- _Task objective_
Drop the images. Copy every line below character for character.

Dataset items

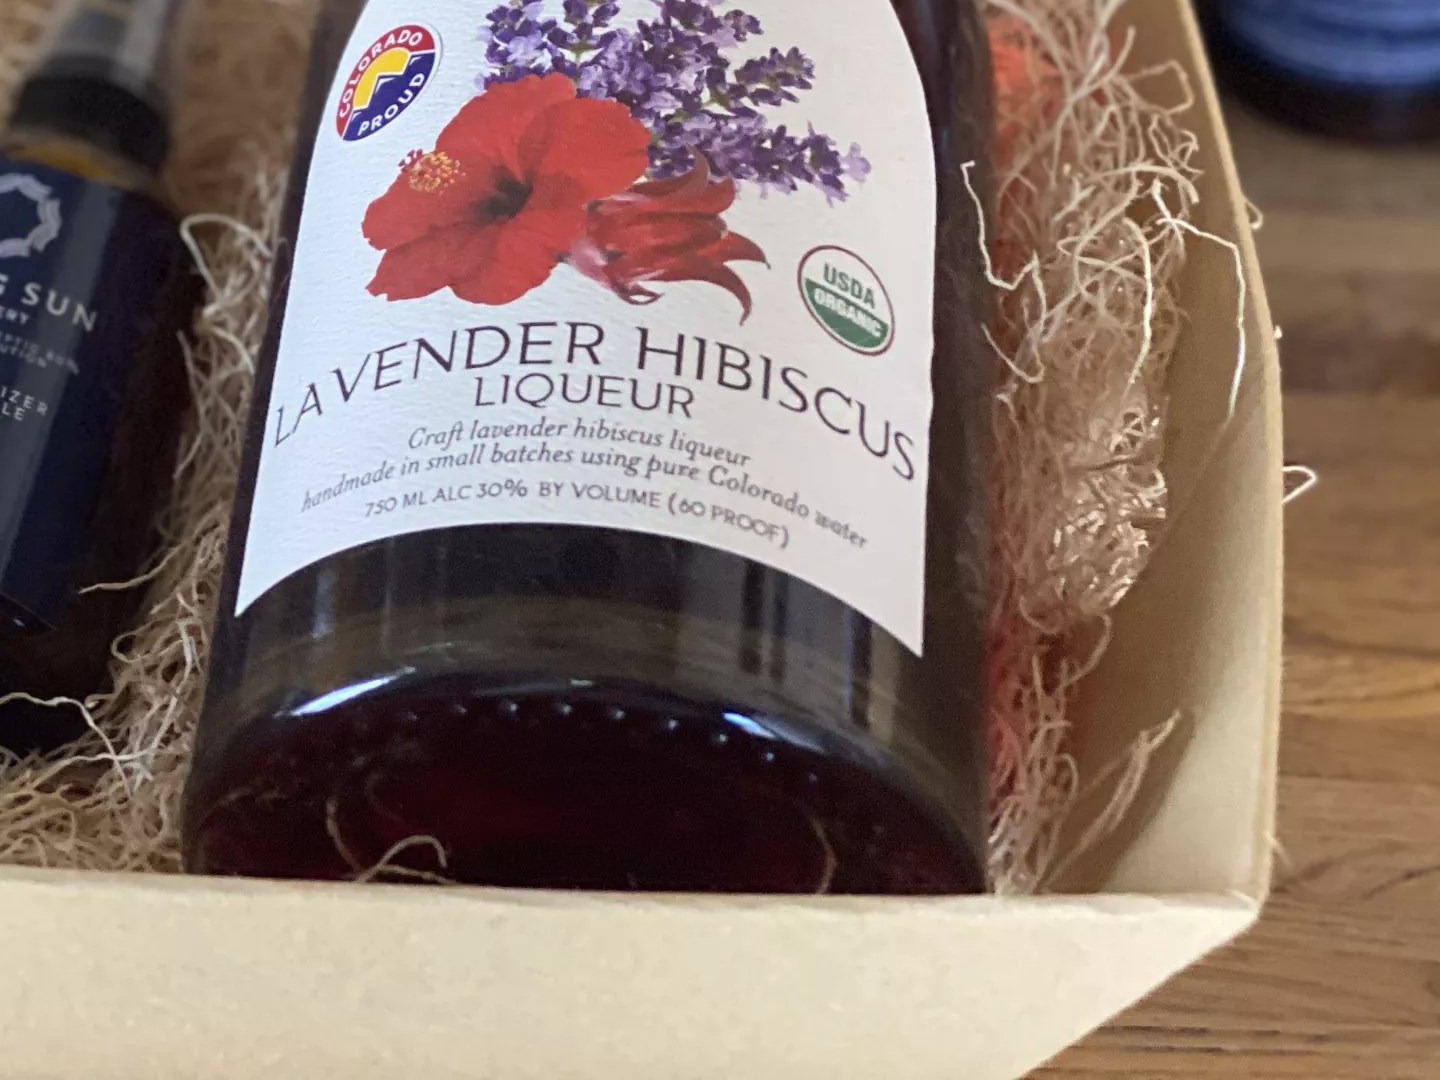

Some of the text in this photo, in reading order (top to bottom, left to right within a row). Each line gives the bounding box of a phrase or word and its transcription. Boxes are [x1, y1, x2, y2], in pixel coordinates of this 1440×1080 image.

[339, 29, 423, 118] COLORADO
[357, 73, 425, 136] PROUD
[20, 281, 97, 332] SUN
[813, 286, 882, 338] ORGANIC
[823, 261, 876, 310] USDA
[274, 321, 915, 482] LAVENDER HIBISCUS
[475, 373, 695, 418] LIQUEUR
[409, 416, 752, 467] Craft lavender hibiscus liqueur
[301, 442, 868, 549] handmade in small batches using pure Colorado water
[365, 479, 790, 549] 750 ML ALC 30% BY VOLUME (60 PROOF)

- _Solution to the problem_
Some of the text in this photo, in reading order (top to bottom, left to right within a row). Each line gives the bounding box of a phrase or word and its transcription. Boxes are [x1, y1, x2, y2], in pixel coordinates of this 1440×1080 image.

[339, 29, 423, 118] COLORADO
[357, 73, 425, 136] PROUD
[20, 281, 97, 332] SUN
[813, 286, 882, 338] ORGANIC
[823, 261, 876, 310] USDA
[274, 321, 915, 482] LAVENDER HIBISCUS
[475, 373, 695, 418] LIQUEUR
[409, 416, 752, 467] Craft lavender hibiscus liqueur
[301, 442, 868, 549] handmade in small batches using pure Colorado water
[365, 479, 790, 549] 750 ML ALC 30% BY VOLUME (60 PROOF)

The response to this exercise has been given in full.